U.S.'s 'lost decade' since 9/11

By Benjamin Woodward

The recent commemoration of the 10th anniversary of the terrorist attacks that claimed nearly 3,000 lives in New York and Washington, D.C., on Sept. 11, 2001, was the occasion for heartfelt remembrance and musing on the tragic event's significance. In the flood of commentary, a recurring motif was that these past 10 years have been — in a term all too familiar to the Japanese — a "lost decade."

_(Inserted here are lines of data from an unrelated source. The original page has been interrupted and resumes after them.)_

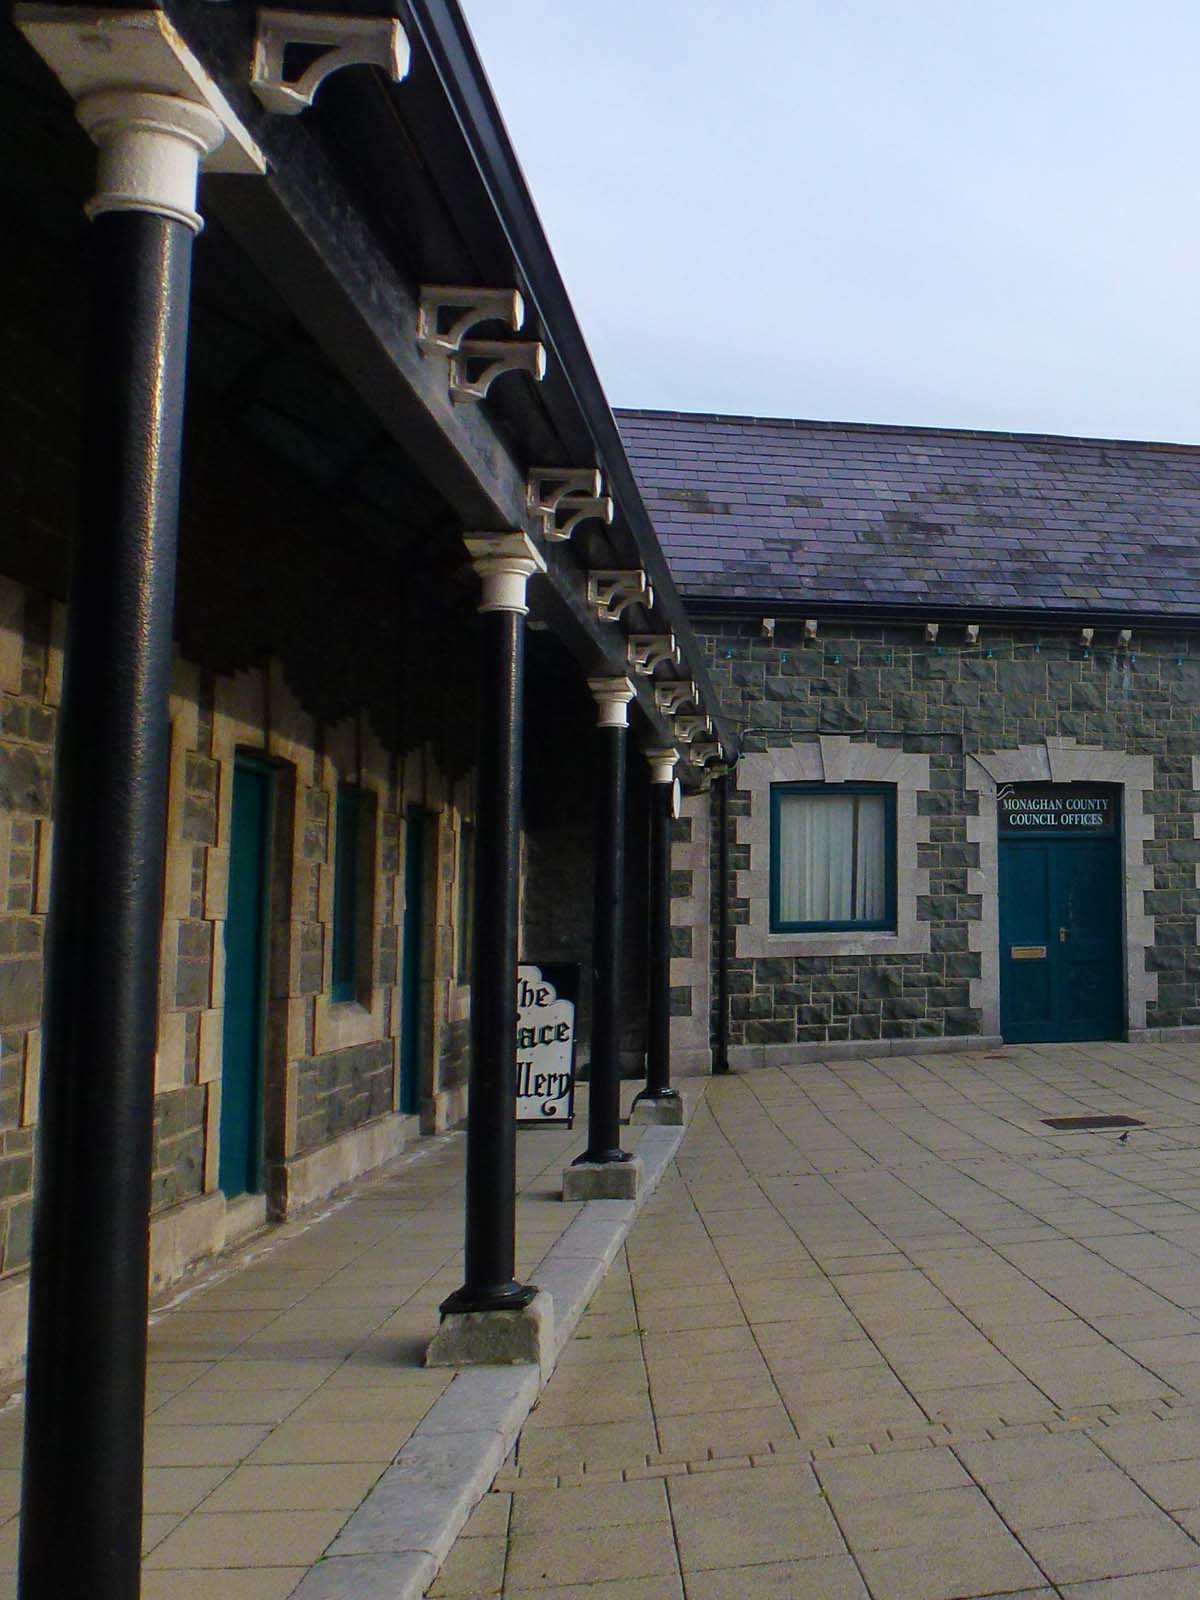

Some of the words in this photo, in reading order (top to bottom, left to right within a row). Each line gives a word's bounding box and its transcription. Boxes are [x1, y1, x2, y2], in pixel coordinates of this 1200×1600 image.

[1003, 799, 1063, 810] MONAGHAN
[1066, 799, 1110, 810] COUNTY
[1009, 813, 1058, 825] COUNCIL
[1060, 813, 1104, 825] OFFICES
[517, 977, 550, 1008] he
[516, 1013, 570, 1050] ace
[516, 1061, 571, 1117] llery

Certainly it has been a tumultuous post-9/11 decade for the United States, one that has ended with its economy in tatters, its government with little credibility, and its dominance in world affairs threatened by China and India. But this idea of a "lost decade" is problematic. It assumes the diverse events of 10 years — itself an arbitrary division of time — can be neatly compacted into a grim national narrative of cause and effect. Frequently, too, this narrative takes a moral dimension: Greed and hubris are blamed, villains singled out, and history portrayed as if it were a morality tale or melodrama.

Portrayals of the decade have focused on how the government co-opted the Sept. 11 attacks in order to drag the nation from relative peace and prosperity into two protracted wars in Afghanistan and Iraq, while breathtaking avarice and irresponsibility precipitated the worst financial meltdown since the Great Depression. Along the way: the humanitarian disaster after Hurricane Katrina, the human rights aberrations at Guantanamo, and a mounting tide of Islamophobia and hysteria about China.

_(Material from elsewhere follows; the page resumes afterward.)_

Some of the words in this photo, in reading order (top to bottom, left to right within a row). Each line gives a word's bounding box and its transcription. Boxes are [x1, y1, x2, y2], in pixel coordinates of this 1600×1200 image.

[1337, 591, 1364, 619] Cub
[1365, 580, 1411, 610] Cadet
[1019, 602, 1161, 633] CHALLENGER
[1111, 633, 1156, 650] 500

Now, as politicians remain locked in petty squabbling and bankers pocket fat bonuses, one in six Americans (over 46 million people) lives in poverty, and the U.S. monthly death toll in Afghanistan in August was at a 10-year high. It may have been extreme to call 9/11 an "occasion for shame" as economist Paul Krugman did based on all that has happened since 2001, but it is little wonder that many Americans are asking: How did we come to this?

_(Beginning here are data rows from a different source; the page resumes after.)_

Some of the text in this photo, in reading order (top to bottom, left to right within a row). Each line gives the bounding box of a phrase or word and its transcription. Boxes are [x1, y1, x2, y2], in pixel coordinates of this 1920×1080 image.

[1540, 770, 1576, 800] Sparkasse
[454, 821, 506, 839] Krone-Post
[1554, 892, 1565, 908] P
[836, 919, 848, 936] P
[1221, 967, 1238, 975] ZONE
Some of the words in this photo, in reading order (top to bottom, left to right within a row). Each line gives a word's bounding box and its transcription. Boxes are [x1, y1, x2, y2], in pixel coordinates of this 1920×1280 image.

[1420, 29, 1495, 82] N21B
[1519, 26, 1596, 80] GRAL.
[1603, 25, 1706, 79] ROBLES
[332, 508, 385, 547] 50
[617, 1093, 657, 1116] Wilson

The neatness of the "lost decade" narrative is, of course, appealing. It satisfies a very human need to understand, to assign order and responsibility, to render the worst atypical, and to want to see justice (or justification) done — a feeling which may have informed the queasy triumphalism over the death of Osama Bin Laden. There is, too, in the idea of a "lost decade" the implication of future recovery.

It also keys into fears of America's decline in the world as domestic woes coincide with an (often dangerously exaggerated) shift in the balance of power toward Asia. The 10th anniversary of 9/11 exacerbated those fears and, for many, placed the morality of that narrative of decline in sharp relief. Memories of the still-astonishing self-sacrifice and heroism displayed on that day were evoked, as was the unusual national and political unity in its aftermath. And in comparison, the America of today, the America of Washington and Wall Street, is found wanting.